Tuesday, April 10, 2012

Libya halts payments to ex-fighters over fraud


Protestors show opposition to arming militiamen in 2011

Libya's interim authorities have stopped paying bonuses to former rebels due to widespread fraud costing millions of Libyan dinars, the official LANA news agency reported.

"Payment of rewards to rebels has been stopped due to violations and abuses," Mohammed Harizi, spokesman for the ruling National Transitional Council, was quoted as saying.

"Millions of (Libyan) dinars allocated to revolutionaries were lost in (illegitimate) payments to non-beneficiaries," he said.

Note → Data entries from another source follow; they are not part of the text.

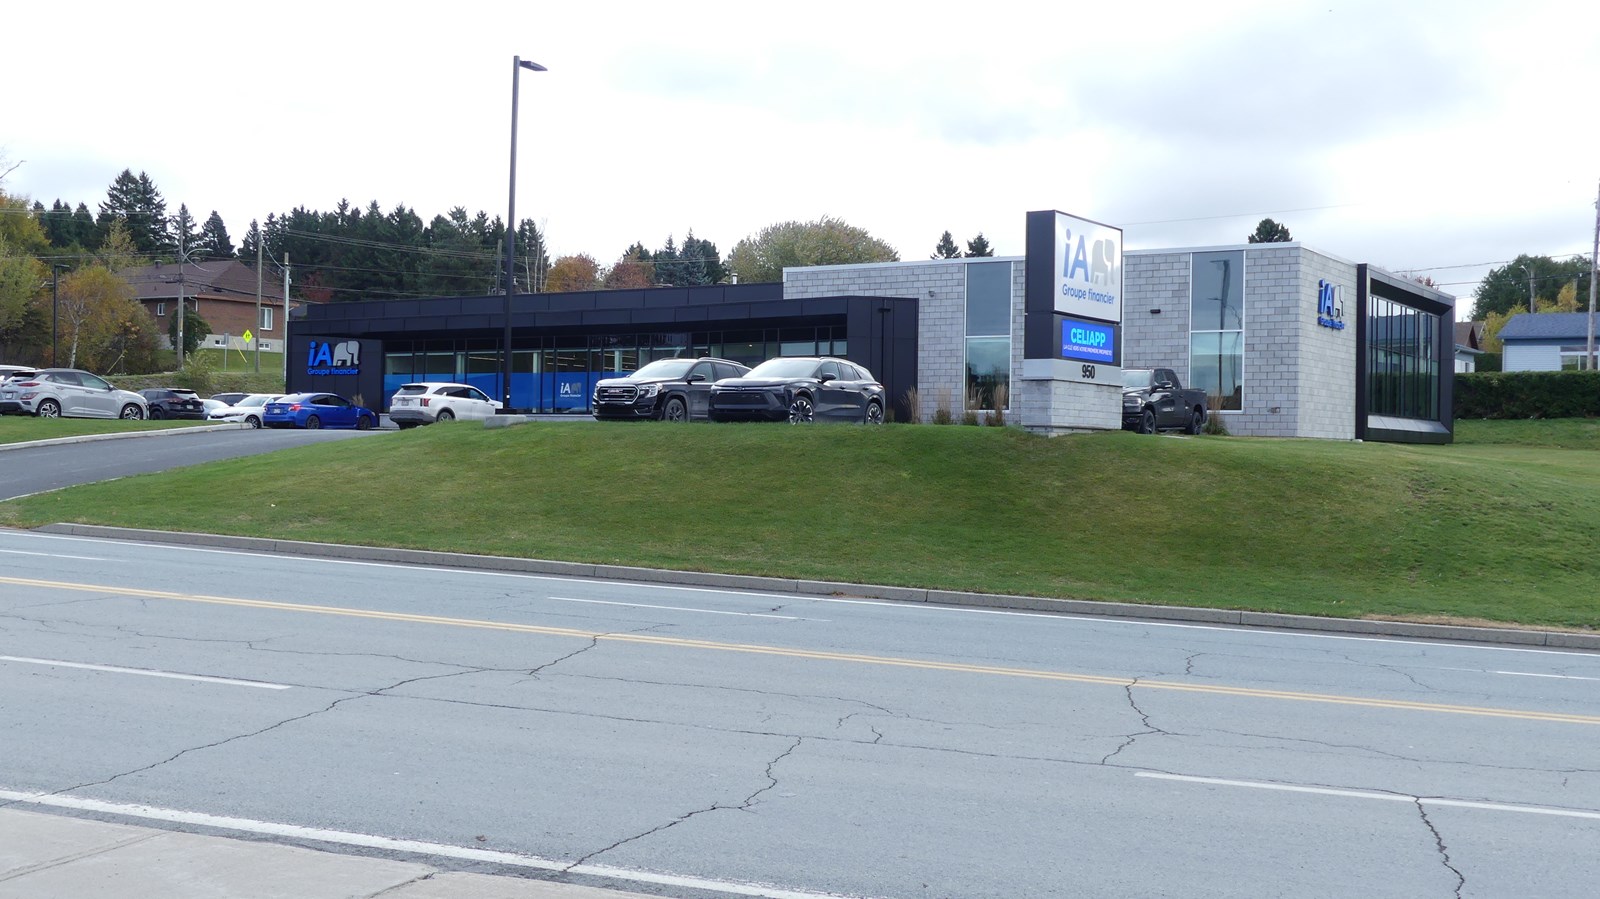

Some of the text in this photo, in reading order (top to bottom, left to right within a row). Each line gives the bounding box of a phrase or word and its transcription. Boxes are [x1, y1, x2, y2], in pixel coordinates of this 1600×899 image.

[1063, 228, 1089, 282] iA
[1062, 284, 1115, 304] Groupe financier
[1317, 278, 1333, 317] iA
[1071, 328, 1106, 347] CELIAPP
[308, 341, 332, 366] iA
[308, 368, 330, 376] Groupe
[1082, 364, 1096, 379] 950
[560, 382, 571, 394] iA

The interim government had been handing out cash payments of up to 4,000 Libyan dinars ($3,200) to civilians turned fighters who took on the forces of Moamer Kadhafi last year.

But the system -- much like a scheme to finance the treatment of the country's war wounded abroad -- proved vulnerable to false claims.

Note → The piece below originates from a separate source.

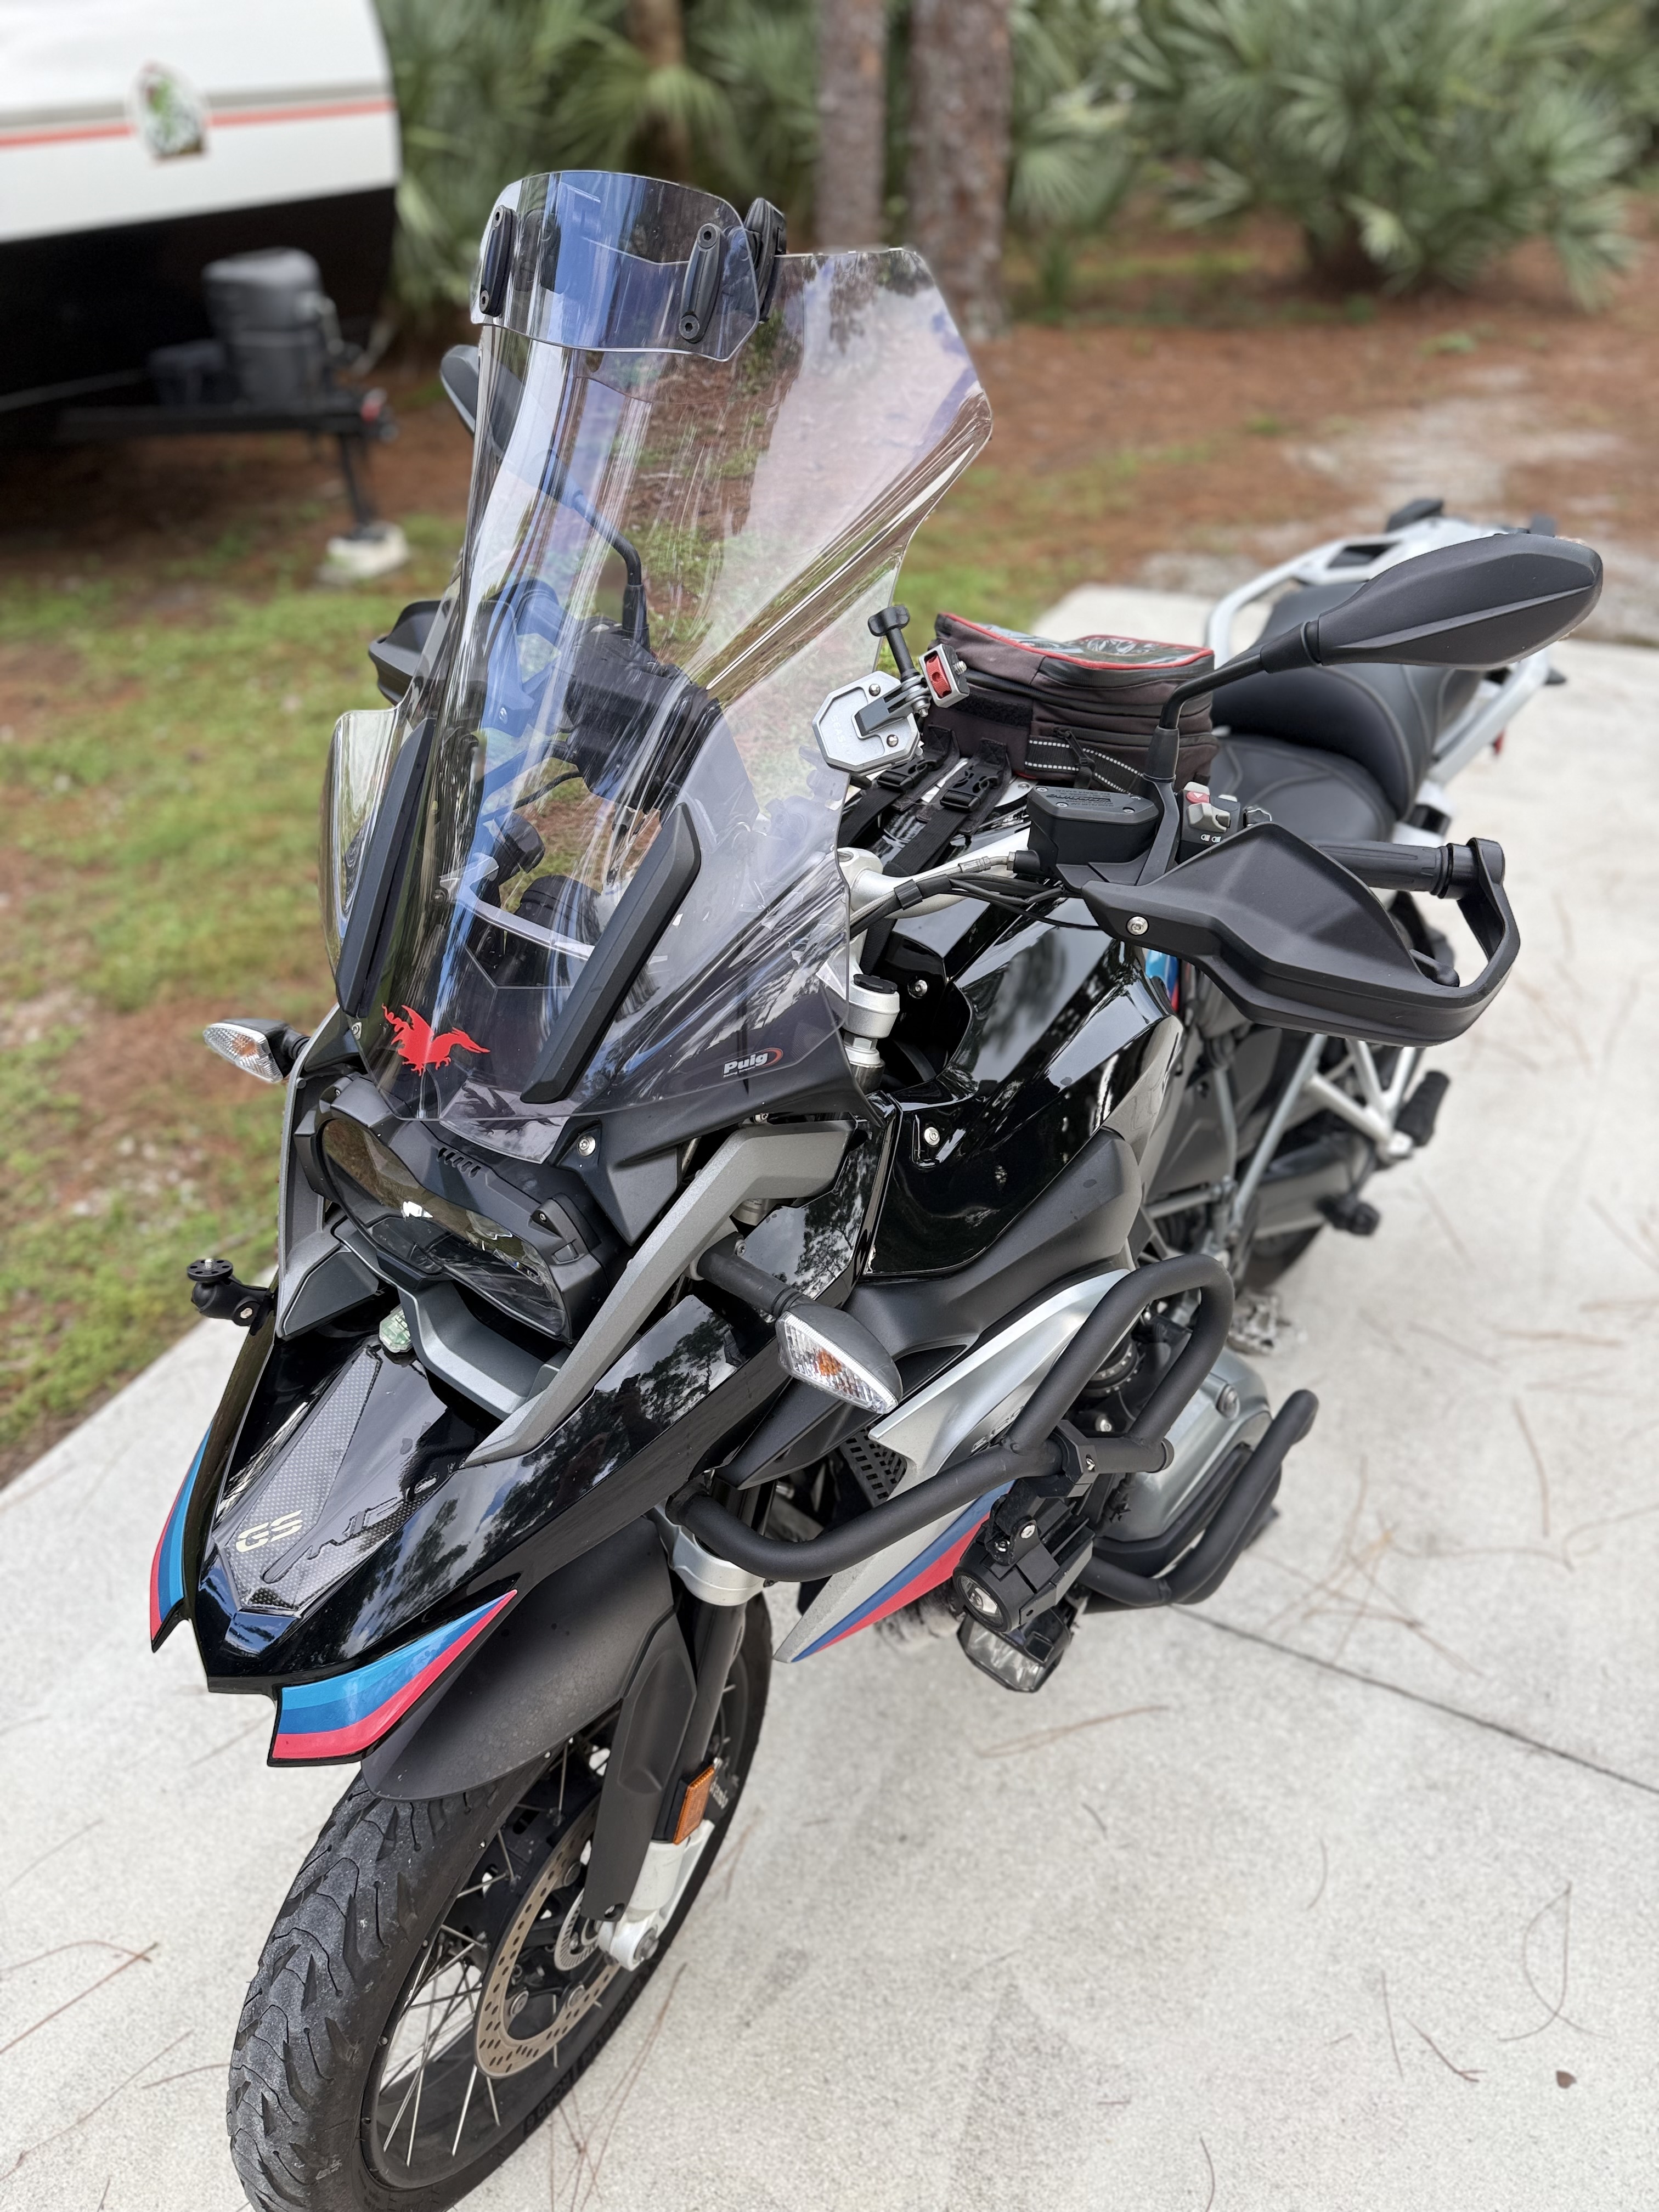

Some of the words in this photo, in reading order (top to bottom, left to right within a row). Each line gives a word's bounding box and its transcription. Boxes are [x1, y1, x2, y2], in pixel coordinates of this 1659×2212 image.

[723, 1053, 768, 1074] Puig
[235, 1509, 303, 1553] GS
[537, 2073, 572, 2119] ROAD

Violations were referred to the offices of the attorney general and audit bureau for investigation, the spokesman said.

No further payments would be made until distribution mechanisms are revised and the lists of beneficiaries approved by local military councils across the country, Harizi added.

He stressed that the main purpose of the cash scheme was to encourage rebels to join the official institutions of the state and hand in their weapons.

Militiamen angered by non-payment have recently staged small protests in front of the headquarters of the interim authorities in Tripoli and raised checkpoints blocking traffic in some neighbourhoods of the capital.